“Misericórdia”, romance de Lídia Jorge, aborda com sensibilidade a velhice e o cotidiano de uma casa de repouso

Mariza Santana

O Hotel Paraíso, na fictícia cidade portuguesa de Valmares, não é um local de hospedagem comum, e não o paraíso que o seu nome sugere. Mas sim uma casa de repouso, ou como se diz no Brasil, uma instituição de longa permanência (ILPI). Nela reside Maria Alberta, Dona Alberti como é conhecida pelos internos e funcionários da casa. Com dificuldade de locomoção (ela utiliza uma cadeira de rodas, que, na versão portuguesa, é chamada de charrete), tem movimentos das mãos comprometidos, porém esta senhora ainda tem uma mente ágil.

Observadora, Dona Alberti registra em gravador os relatos do cotidiano da clínica geriátrica — quem chega e quem parte, os cuidadores e suas diversas nacionalidades (inclusive brasileira), assim como os eventos que mexem com a tranquilidade do local. Todas essas impressões são romanceadas pela sua filha escritora e se torna um testemunho emocionante do final do ciclo de um ser humano. O livro “Misericórdia” (Autêntica, 384 páginas), da escritora portuguesa Lídia Jorge, aborda, com muita sensibilidade, esse momento derradeiro da vida que é a velhice, mostrando sua fragilidade e fortaleza, sua beleza e sua face hedionda.

Dona Alberti está sempre às voltas com os desafios da Noite, que lhe apresenta charadas geográficas e filosóficas. Ela, que é proprietária de um Atlas e possuía também um globo terrestre luminoso, precisa responder as perguntas da funesta inquiridora. “Baku é capital de qual país?”, questiona a Noite, que, na minha avaliação, se apresenta como a figura da morte, sempre a espreitar e atormentar a personagem nos períodos noturnos insones, talvez apenas um recurso literário utilizado pela escritora.

Lídia Jorge: escritora portuguesa | Foto: Reprodução

A descrição dos companheiros da casa de repouso, do ponto de vista de Dona Alberti, reflete uma humanidade profunda. Uma interna que está sempre em busca do amor; a outra, se diz nobre e tem um filho piloto de avião; o sargento, do qual ela guarda com carinho um simples bilhete; o revolucionário que conseguiu por meio do seu protesto que todos tivessem direito a um ovo estrelado adicionado à refeição do almoço; o pianista com dificuldade de locomoção que divertia os demais com suas apresentações musicais; o advogado que não abria mão de ler diariamente as notícias dos jornais; os colegas do carteado.

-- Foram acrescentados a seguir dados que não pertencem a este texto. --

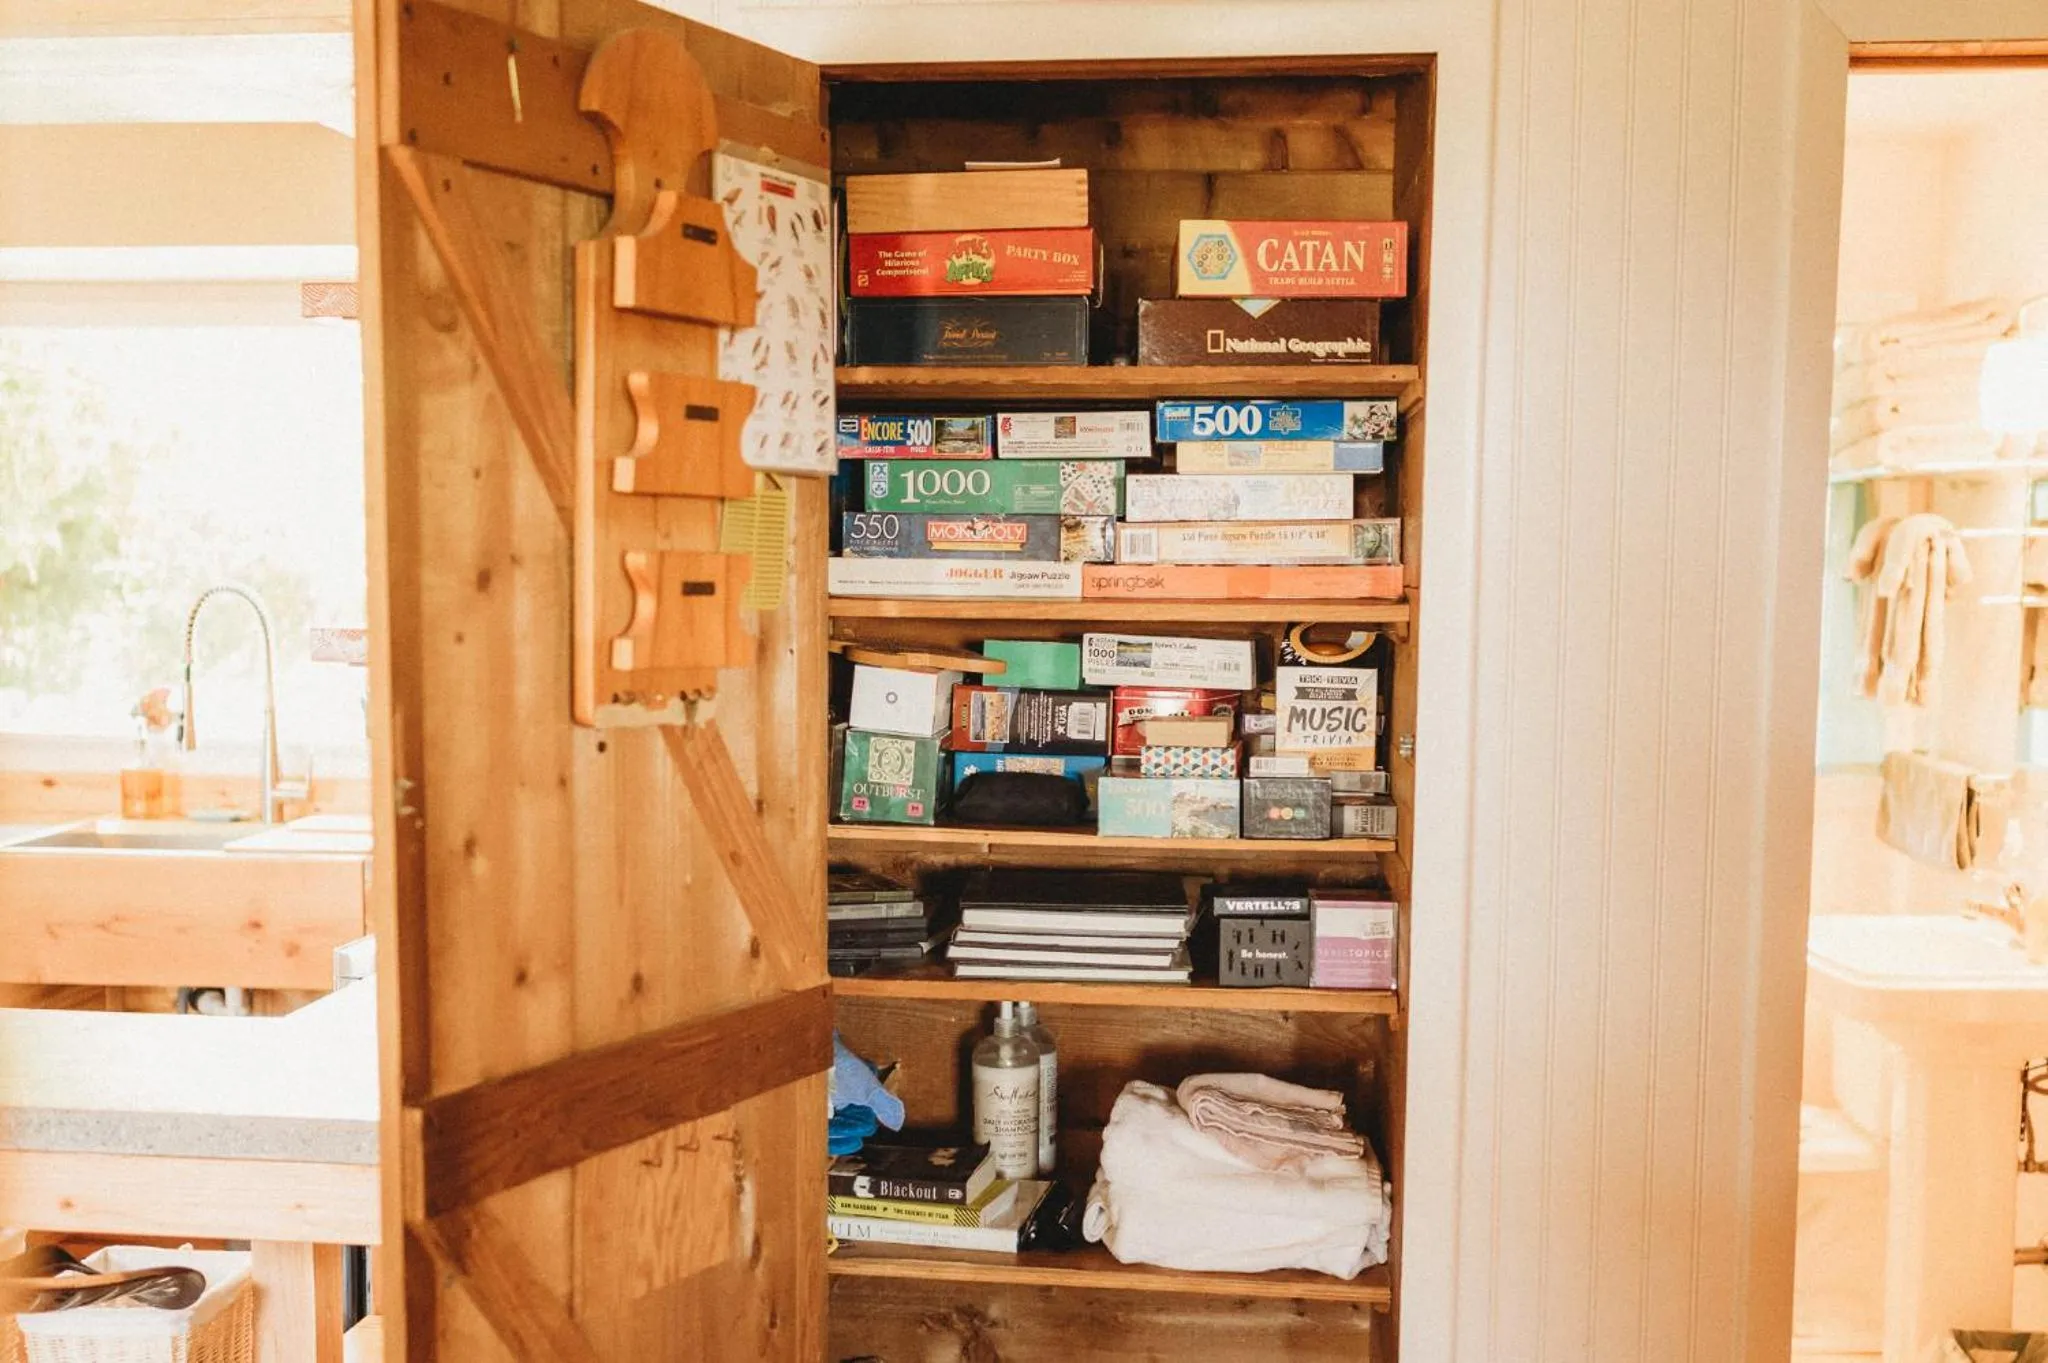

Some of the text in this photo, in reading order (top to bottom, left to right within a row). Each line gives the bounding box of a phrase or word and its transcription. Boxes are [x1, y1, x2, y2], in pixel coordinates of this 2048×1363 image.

[877, 250, 892, 258] The
[894, 250, 917, 258] Game
[1006, 244, 1080, 265] PARTY BOX
[1257, 238, 1366, 273] CATAN
[1226, 337, 1372, 357] National Geographic
[1193, 405, 1262, 436] 500
[861, 418, 932, 446] ENCORE 500
[900, 469, 991, 504] 1000
[850, 514, 899, 539] 550
[930, 522, 1026, 541] MONOPOLY
[1009, 571, 1039, 582] Jigsaw
[1041, 571, 1071, 581] Puzzle
[1088, 648, 1115, 658] 1000
[1058, 704, 1068, 728] USA
[1287, 705, 1368, 733] MUSIC
[1303, 735, 1353, 745] TRIVIA
[853, 783, 925, 800] OUTBURST
[1240, 949, 1289, 959] Be honest.
[880, 1180, 938, 1199] Blackout

A cuidadora brasileira de Marabá

Dona Alberti apresenta ainda os cuidadores e cuidadoras que passam pela casa, com suas características, esperanças e vivências. Dois deles foram considerados especiais: o marroquino Ali, homossexual que foi vítima da intolerância e do preconceito de um interno malvado, o senhor Tavares, causando a repulsa da protagonista; e a jovem brasileira, paraense de Marabá, Lilimunde, com seu cheiro de bergamota, que se apaixona por um jovem cientista húngaro.

Tudo é relatado com muita sensibilidade e empatia, mas também às vezes com um misto de ironia e visão crítica, nessa dualidade tão comum ao ser humano. Um dos episódios interessantes é quando um fotógrafo profissional visita a casa, causando a revolta de Dona Alberti, que considera o trabalho dito artístico dele uma afronta à dignidade dos idosos, e se nega a colaborar, angariando a adesão de outros internos.

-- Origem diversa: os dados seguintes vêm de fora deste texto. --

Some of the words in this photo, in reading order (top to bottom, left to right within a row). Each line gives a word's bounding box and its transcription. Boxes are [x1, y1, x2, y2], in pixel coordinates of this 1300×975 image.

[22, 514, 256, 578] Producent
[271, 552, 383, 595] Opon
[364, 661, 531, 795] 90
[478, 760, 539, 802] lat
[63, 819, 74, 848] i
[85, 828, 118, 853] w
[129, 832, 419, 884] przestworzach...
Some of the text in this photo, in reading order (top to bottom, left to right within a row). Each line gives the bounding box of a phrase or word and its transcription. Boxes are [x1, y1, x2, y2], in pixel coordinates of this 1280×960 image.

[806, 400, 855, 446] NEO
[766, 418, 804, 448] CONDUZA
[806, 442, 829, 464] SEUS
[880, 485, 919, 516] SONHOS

Outro episódio que vale destacar é a invasão das formigas ladra, aquelas formiguinhas domésticas que recebem este nome pelo hábito de fazer ninhos perto e, em alguns casos, dentro dos ninhos de outras formigas, das quais roubam comida Por um milagre, ou uma simples medida preventiva da cuidadora, mera obra do acaso, Dona Alberti foi uma das poucas pessoas da casa que não foi atacada por esses insetos que saíram das profundidades devido ao forte calor do verão alentejano (sim, a fictícia cidade de Valmares estaria localizada em algum lugar no Algarve, à beira mar), para cobrir roupas e corpos dos internos, trazendo doença e morte.

Dona Alberti fala de sua filha escritora e do genro, e do sedutor Edgar de Paula, que seria o pai de sua progênita. No final, o leitor acompanha a celebração da chegada de 2000, escolhido pelos internos do Hotel Paraíso como o Ano do Carro, mas que na realidade se tornaria o Ano da Covid-19, pandemia que paralisou o mundo e ceifou milhões de vidas no planeta.

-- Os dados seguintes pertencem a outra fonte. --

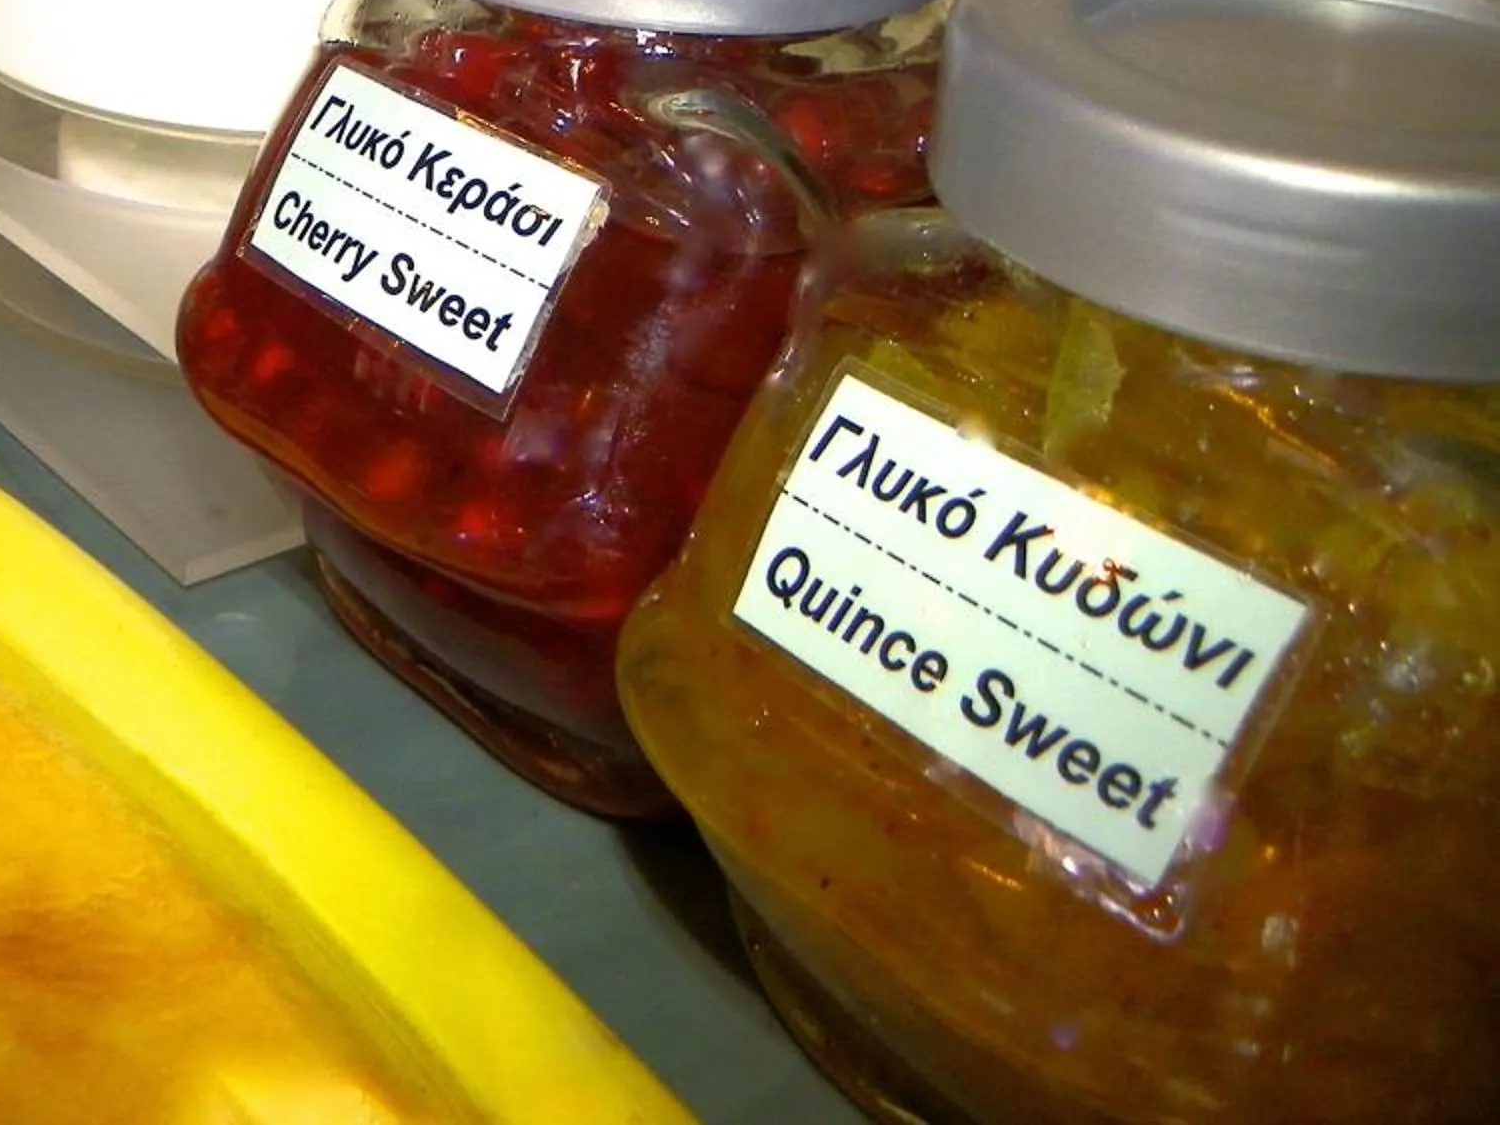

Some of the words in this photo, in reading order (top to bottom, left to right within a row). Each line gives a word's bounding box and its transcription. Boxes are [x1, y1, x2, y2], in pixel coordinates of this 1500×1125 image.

[273, 191, 379, 282] Cherry
[380, 253, 514, 351] Sweet
[309, 95, 411, 169] Γλυκό
[407, 143, 563, 247] Κεράσι
[808, 414, 987, 538] Γλυκό
[983, 511, 1255, 689] Κυδώνι
[764, 546, 949, 692] Quince
[960, 668, 1177, 829] Sweet

“Misericórdia” mostra que existem vida, emoções, acontecimentos e tudo o mais dentro de uma casa de repouso, onde as pessoas ficam sob cuidados paliativos. Mais do que isso, o livro nos convida a refletir sobre os últimos instantes da vida e como pensamos passar por eles.

Lídia Jorge, de 78 anos, nasceu no Algarve, em Boliqueime. É autora de romances, contos, crônicas, ensaios e poesias. O livro “Misericórdia”, publicado em 2022, é uma homenagem a sua mãe, Maria dos Remédios, que morreu durante a pandemia de Covid-19. Por essa obra, a escritora recebeu um conjunto de prêmios literários.

Mariza Santana é jornalista e crítica literária. Email: [email protected]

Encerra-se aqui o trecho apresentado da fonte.